Top of DATA TO EXAMINE

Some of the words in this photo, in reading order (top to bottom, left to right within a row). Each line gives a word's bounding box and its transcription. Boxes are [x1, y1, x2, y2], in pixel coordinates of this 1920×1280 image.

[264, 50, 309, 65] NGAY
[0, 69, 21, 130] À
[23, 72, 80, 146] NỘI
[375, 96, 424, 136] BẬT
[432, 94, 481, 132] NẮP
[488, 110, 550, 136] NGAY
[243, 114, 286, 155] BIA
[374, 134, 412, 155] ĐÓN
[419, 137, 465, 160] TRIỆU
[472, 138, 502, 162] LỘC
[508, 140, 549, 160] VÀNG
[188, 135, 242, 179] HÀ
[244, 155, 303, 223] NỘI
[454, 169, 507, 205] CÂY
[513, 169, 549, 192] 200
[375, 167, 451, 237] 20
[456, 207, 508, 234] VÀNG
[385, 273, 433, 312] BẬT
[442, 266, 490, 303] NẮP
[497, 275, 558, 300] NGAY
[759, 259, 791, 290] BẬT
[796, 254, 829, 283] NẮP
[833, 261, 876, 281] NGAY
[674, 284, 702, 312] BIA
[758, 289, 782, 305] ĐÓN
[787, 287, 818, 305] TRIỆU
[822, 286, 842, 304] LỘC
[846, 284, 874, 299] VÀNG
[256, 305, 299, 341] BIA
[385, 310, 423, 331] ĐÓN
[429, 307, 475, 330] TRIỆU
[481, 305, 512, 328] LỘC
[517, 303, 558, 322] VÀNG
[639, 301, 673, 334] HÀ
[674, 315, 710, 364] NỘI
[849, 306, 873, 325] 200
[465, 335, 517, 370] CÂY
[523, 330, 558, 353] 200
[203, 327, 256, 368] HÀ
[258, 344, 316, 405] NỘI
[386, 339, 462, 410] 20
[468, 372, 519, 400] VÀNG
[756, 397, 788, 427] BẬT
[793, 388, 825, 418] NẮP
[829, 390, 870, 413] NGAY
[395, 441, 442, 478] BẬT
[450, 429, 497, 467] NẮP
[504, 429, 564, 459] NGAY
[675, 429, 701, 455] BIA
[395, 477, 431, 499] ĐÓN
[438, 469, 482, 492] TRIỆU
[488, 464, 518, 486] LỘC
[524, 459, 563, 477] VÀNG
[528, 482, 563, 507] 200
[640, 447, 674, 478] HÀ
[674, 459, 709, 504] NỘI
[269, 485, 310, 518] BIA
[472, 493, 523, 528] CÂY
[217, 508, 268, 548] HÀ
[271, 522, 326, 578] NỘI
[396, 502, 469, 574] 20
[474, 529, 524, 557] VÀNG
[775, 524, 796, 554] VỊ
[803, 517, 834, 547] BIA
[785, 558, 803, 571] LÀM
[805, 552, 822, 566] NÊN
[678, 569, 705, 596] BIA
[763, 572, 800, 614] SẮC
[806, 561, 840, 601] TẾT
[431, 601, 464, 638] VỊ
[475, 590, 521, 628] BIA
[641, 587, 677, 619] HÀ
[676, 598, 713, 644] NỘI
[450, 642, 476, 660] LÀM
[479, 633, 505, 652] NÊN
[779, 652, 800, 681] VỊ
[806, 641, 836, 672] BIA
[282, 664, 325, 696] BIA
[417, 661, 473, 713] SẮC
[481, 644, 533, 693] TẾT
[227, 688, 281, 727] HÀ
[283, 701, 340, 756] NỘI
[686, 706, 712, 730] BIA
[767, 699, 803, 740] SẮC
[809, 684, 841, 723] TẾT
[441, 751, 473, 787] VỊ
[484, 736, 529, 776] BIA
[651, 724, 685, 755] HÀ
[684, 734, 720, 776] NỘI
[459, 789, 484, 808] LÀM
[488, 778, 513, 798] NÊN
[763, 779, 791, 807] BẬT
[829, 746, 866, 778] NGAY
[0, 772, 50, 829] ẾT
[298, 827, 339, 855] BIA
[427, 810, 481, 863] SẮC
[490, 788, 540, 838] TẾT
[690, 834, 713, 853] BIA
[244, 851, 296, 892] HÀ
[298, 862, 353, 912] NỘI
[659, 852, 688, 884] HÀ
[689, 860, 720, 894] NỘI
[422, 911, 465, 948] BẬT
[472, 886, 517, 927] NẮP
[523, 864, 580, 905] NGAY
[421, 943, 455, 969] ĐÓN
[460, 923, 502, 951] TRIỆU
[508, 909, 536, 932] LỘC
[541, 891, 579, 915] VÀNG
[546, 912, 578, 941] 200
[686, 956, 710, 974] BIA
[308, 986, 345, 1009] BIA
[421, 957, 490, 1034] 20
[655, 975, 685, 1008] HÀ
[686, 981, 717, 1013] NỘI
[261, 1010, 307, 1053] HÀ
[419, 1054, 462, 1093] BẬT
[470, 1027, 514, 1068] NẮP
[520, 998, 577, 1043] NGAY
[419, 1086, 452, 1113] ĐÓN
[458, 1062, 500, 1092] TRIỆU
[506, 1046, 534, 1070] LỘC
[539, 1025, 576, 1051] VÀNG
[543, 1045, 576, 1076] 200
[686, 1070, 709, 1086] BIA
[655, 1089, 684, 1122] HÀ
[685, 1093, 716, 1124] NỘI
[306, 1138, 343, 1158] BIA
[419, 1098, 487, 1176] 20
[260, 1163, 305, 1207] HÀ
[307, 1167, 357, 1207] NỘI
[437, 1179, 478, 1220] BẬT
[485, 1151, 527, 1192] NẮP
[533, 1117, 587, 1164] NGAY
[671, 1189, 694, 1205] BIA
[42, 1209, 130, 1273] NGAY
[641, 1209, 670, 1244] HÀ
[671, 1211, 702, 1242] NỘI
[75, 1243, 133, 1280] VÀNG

Bottom of DATA TO EXAMINE

_TASK PROMPT_
From the entries above, collect every line with the string "TRIỆU" in it.

_SOLVED PROBLEM_
[419, 137, 465, 160] TRIỆU
[787, 287, 818, 305] TRIỆU
[429, 307, 475, 330] TRIỆU
[438, 469, 482, 492] TRIỆU
[460, 923, 502, 951] TRIỆU
[458, 1062, 500, 1092] TRIỆU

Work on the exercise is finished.